For this task, copy all of the data below exactly and skip the pictures.

Spatial localization data

[Start of Attachment]

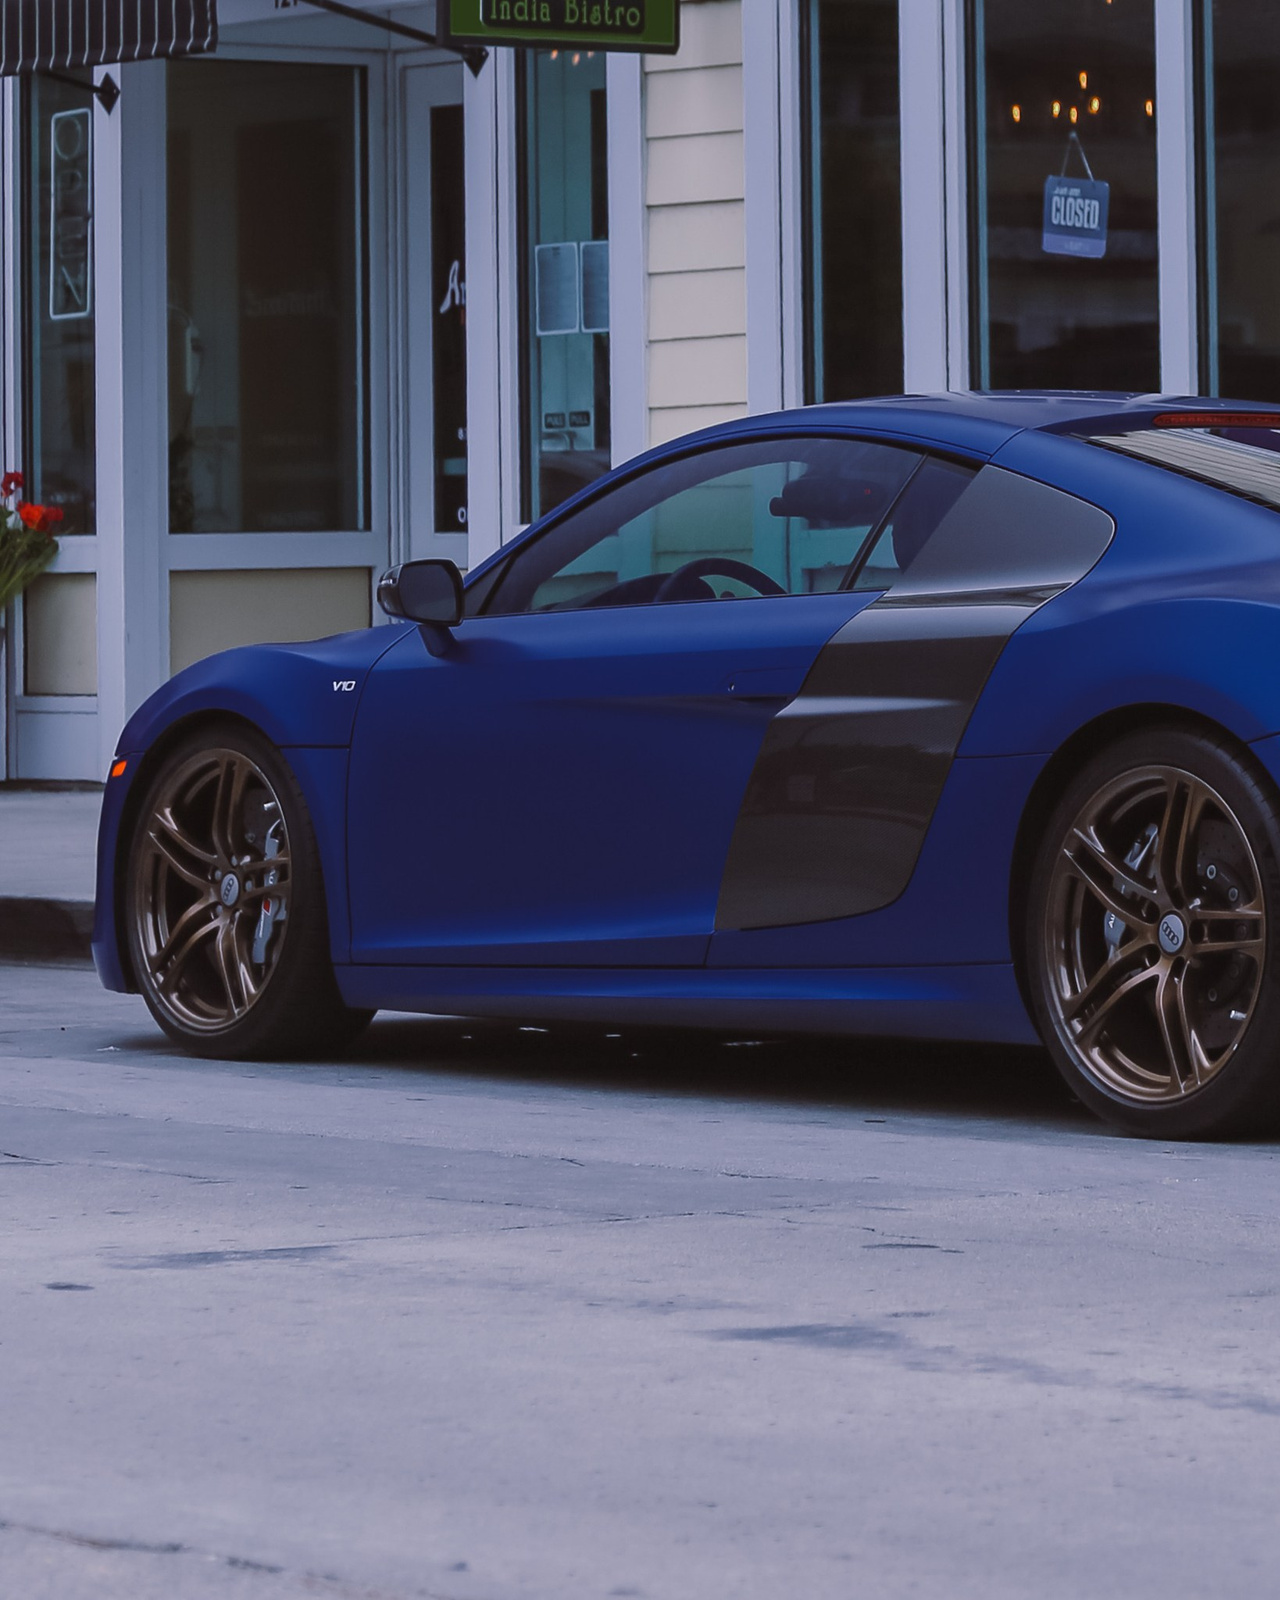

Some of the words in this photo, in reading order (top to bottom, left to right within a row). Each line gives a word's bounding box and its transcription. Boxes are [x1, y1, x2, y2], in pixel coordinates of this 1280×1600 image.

[55, 115, 86, 306] OPEN
[1051, 196, 1100, 230] CLOSED
[333, 681, 356, 691] V10
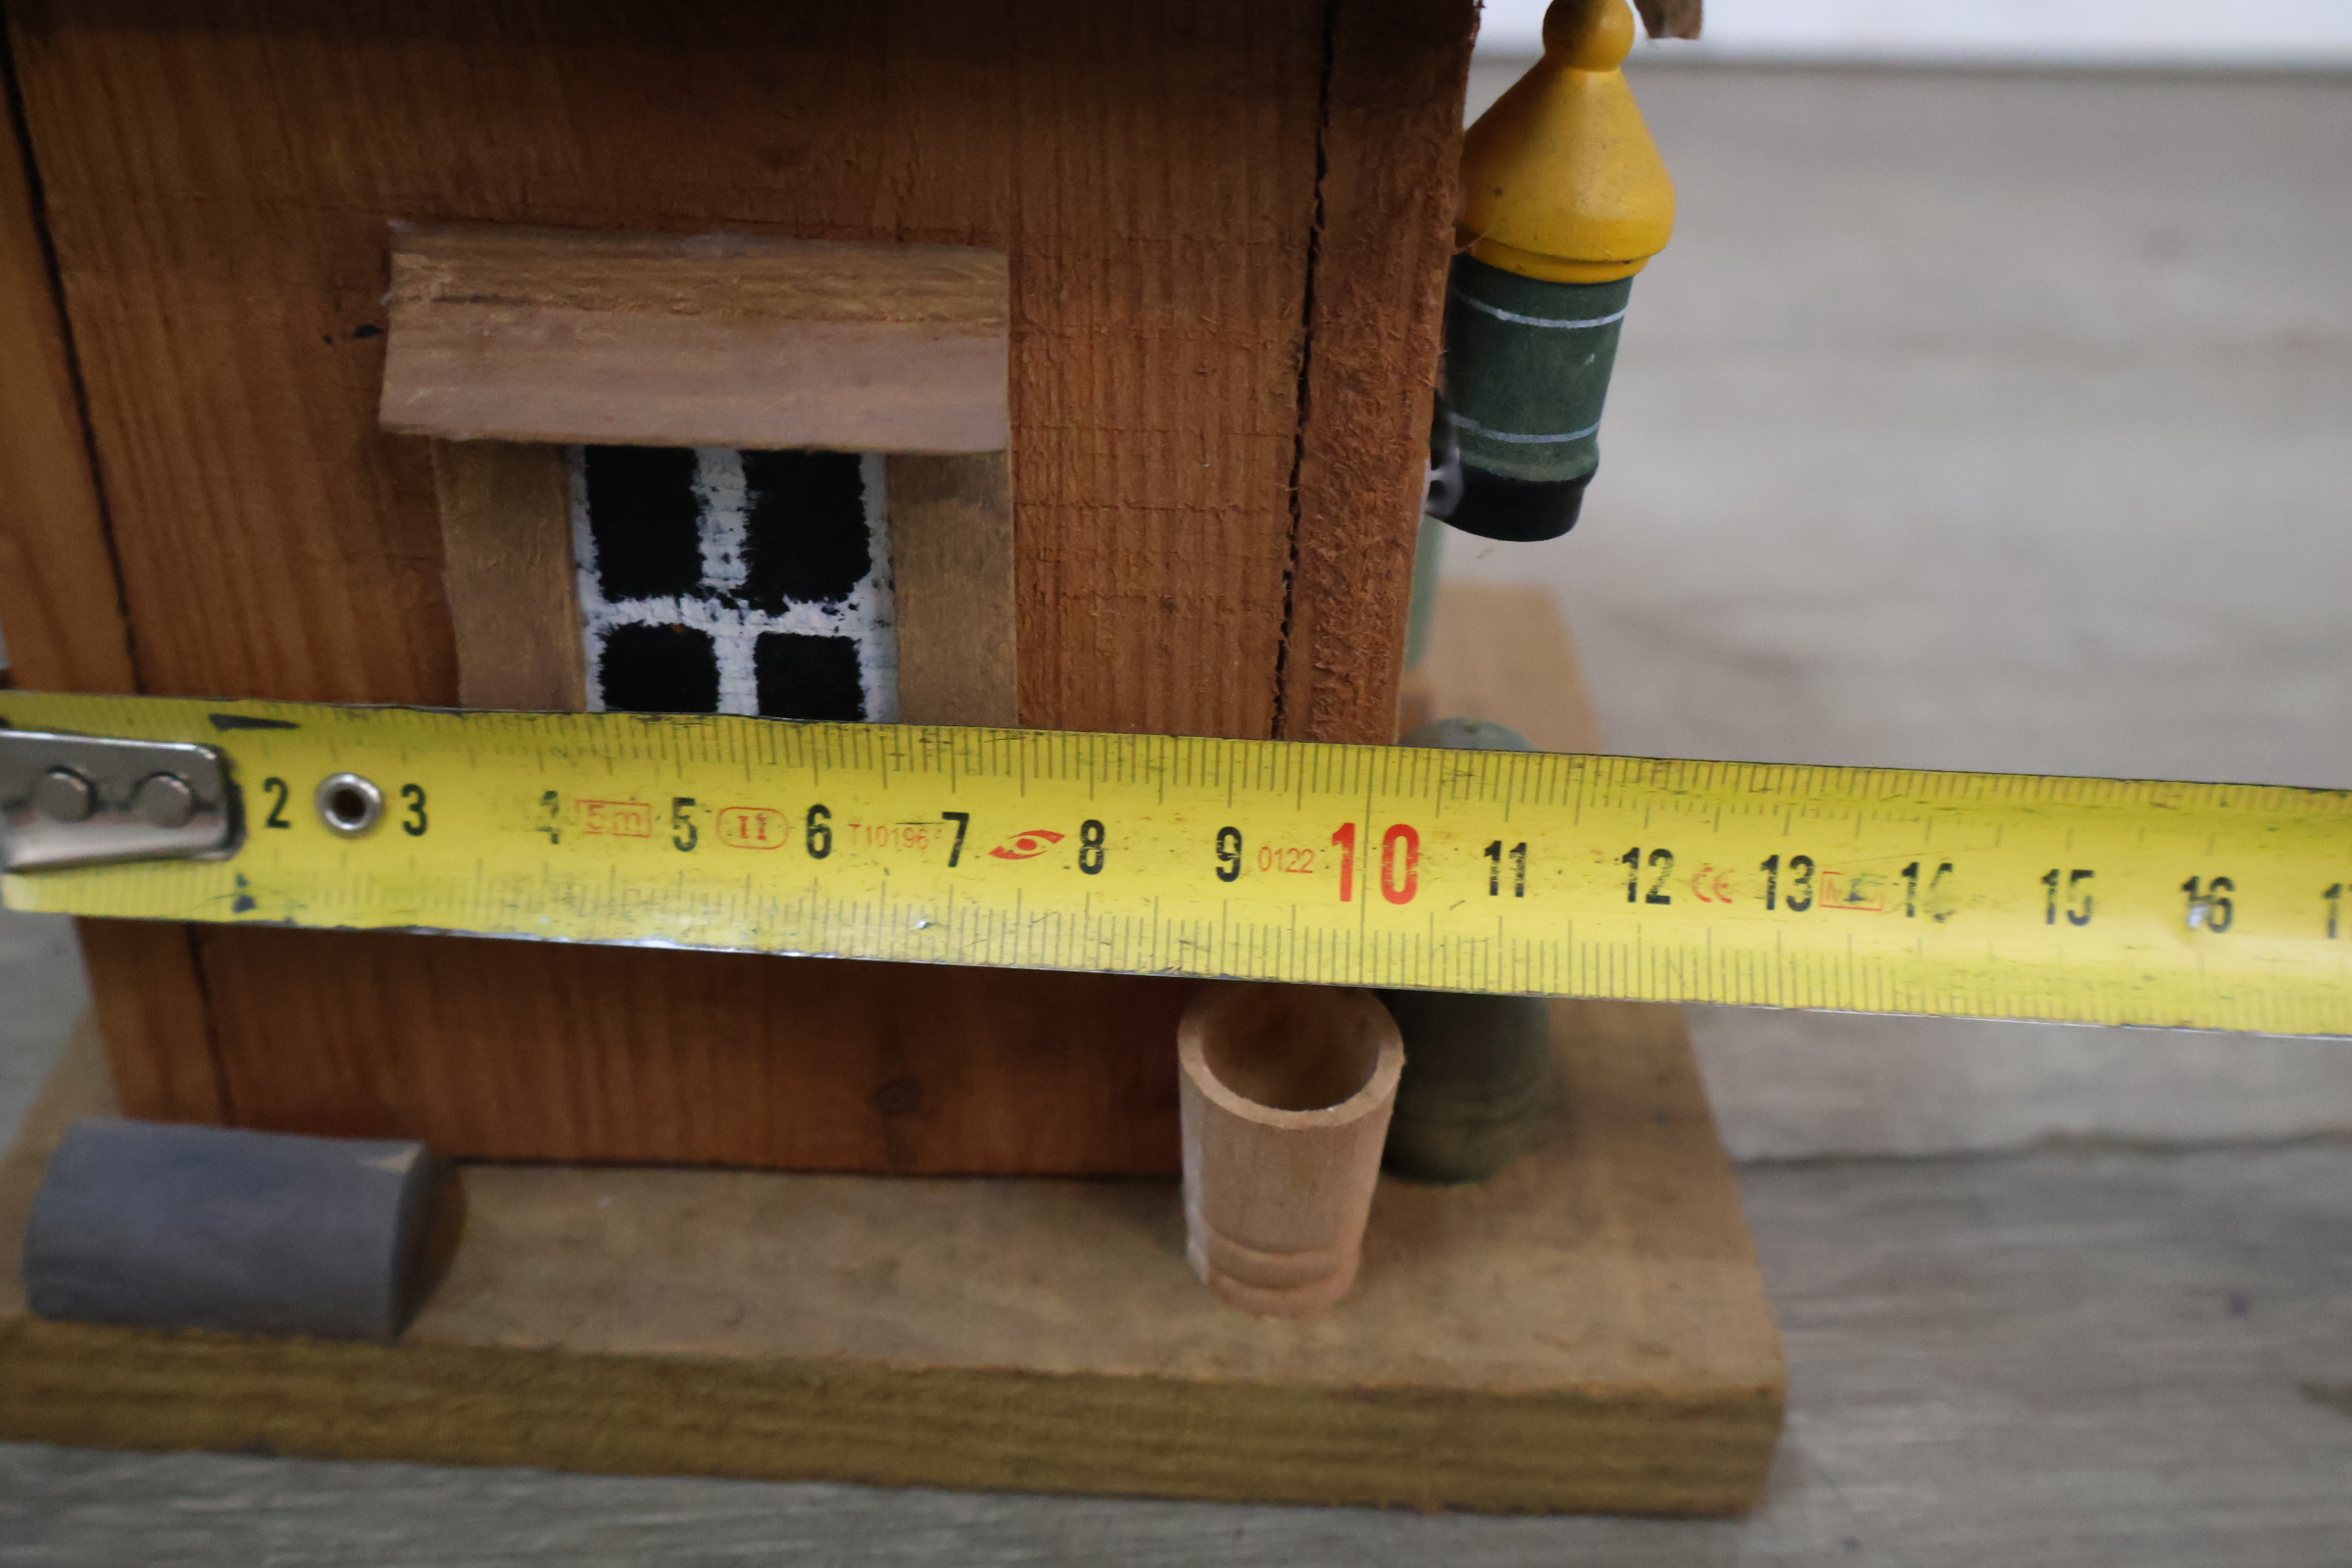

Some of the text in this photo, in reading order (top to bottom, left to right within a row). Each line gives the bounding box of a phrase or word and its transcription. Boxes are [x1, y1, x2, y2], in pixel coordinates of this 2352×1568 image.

[264, 777, 290, 829] 2
[401, 784, 428, 836] 3
[672, 797, 698, 853] 5
[807, 804, 832, 859] 6
[848, 823, 930, 850] T10196
[942, 811, 970, 868] 7
[1079, 819, 1105, 875] 8
[1216, 826, 1243, 883] 9
[1257, 846, 1315, 874] 0122
[1332, 822, 1420, 905] 10
[1484, 840, 1528, 898] 11
[1622, 847, 1674, 906] 12
[1760, 855, 1815, 911] 13
[2041, 868, 2095, 926] 15
[2181, 875, 2235, 934] 16
[2323, 883, 2352, 940] 1

[End of Attachment]

- [Solved exercise]:
Some of the words in this photo, in reading order (top to bottom, left to right within a row). Each line gives a word's bounding box and its transcription. Boxes are [x1, y1, x2, y2], in pixel coordinates of this 1280×1600 image.

[55, 115, 86, 306] OPEN
[1051, 196, 1100, 230] CLOSED
[333, 681, 356, 691] V10

Some of the text in this photo, in reading order (top to bottom, left to right within a row). Each line gives the bounding box of a phrase or word and its transcription. Boxes are [x1, y1, x2, y2], in pixel coordinates of this 2352×1568 image.

[264, 777, 290, 829] 2
[401, 784, 428, 836] 3
[672, 797, 698, 853] 5
[807, 804, 832, 859] 6
[848, 823, 930, 850] T10196
[942, 811, 970, 868] 7
[1079, 819, 1105, 875] 8
[1216, 826, 1243, 883] 9
[1257, 846, 1315, 874] 0122
[1332, 822, 1420, 905] 10
[1484, 840, 1528, 898] 11
[1622, 847, 1674, 906] 12
[1760, 855, 1815, 911] 13
[2041, 868, 2095, 926] 15
[2181, 875, 2235, 934] 16
[2323, 883, 2352, 940] 1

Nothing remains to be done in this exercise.